Speaker at Public Health Conferences - Zhuoyi Peng
Guangdong Provicial People's Hospital, China
Title : Early risk prediction of non-alcoholic fatty pancreas disease: A machine learning–based nomogram from the UK Biobank cohort

Abstract:

Background: Non-alcoholic fatty pancreas disease (NAFPD) is an under-recognized metabolic disorder with no standardized diagnostic criteria, making early detection challenging. This study aimed to identify easily accessible clinical indicators strongly associated with NAFPD, and to develop a simple, practical, and non-invasive diagnostic prediction tool for early screening and risk assessment.
Method: A cohort of 8,746 adults from the UK Biobank was analyzed to identify indicators associated with NAFPD. Candidate predictors from lifestyle factors, routine blood tests, biochemical parameters, and composite metabolic and inflammatory indices were first screened using LASSO regression, followed by machine learning modeling to refine and optimize the selection. The final set of indicators was then used to construct a diagnostic nomogram, providing a visual and practical tool for NAFPD prediction. Its performance, robustness, and clinical utility were assessed using ROC curve analysis and decision curve analysis (DCA).
Results: Following LASSO and machine learning-based screening, a diagnostic nomogram for NAFPD was constructed using seven indicators: sex, age, body mass index (BMI), red blood cell count, red cell distribution width to high-density lipoprotein cholesterol ratio (RDW/HDL), cystatin C, and C-reactive protein to albumin ratio (CAR). The nomogram showed good discrimination, with an AUC of 0.769 in the test set.
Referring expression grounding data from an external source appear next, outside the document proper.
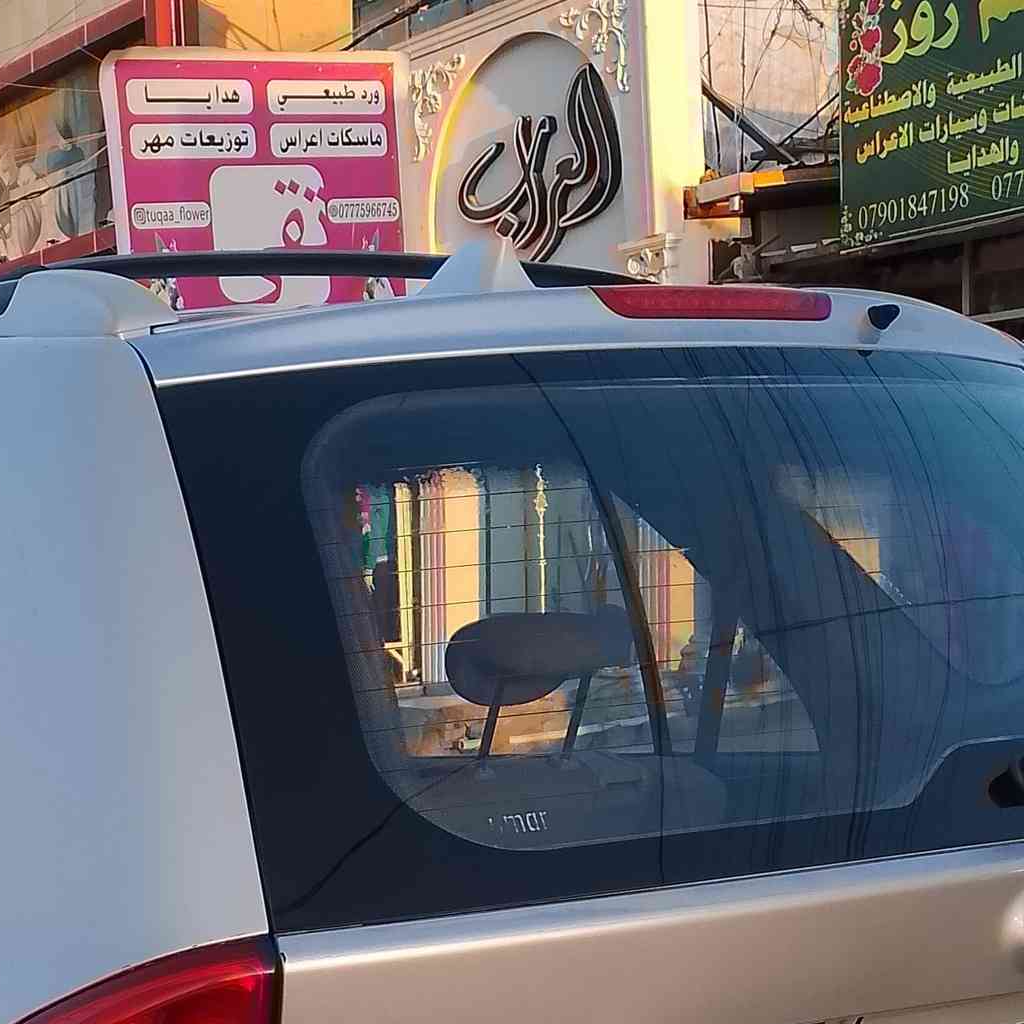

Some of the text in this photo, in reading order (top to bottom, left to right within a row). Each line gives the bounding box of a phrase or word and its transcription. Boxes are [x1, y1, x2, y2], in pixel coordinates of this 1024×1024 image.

[946, 52, 1022, 99] الطبيعية
[144, 83, 240, 111] هدايا
[277, 85, 380, 111] ورد طبيعي
[141, 129, 249, 153] توزيعات مهر
[279, 127, 382, 153] ماسكات اعراس
[918, 108, 987, 143] وسيارات
[946, 135, 1020, 176] والهدايا
[858, 182, 970, 230] 07901847198
Its overall accuracy was 0.725, with a sensitivity of 0.855, specificity of 0.488, precision of 0.753, and an F1 score of 0.801.
Conclusion: The seven-indicator nomogram offers a simple, accessible, and non-invasive tool for accurately predicting NAFPD risk. It demonstrates robust discrimination and generalizability across populations, supporting early clinical screening and individualized risk assessment. This tool also provides a practical framework for future studies on pancreatic steatosis and may guide the management and prognosis of patients at risk of NAFPD.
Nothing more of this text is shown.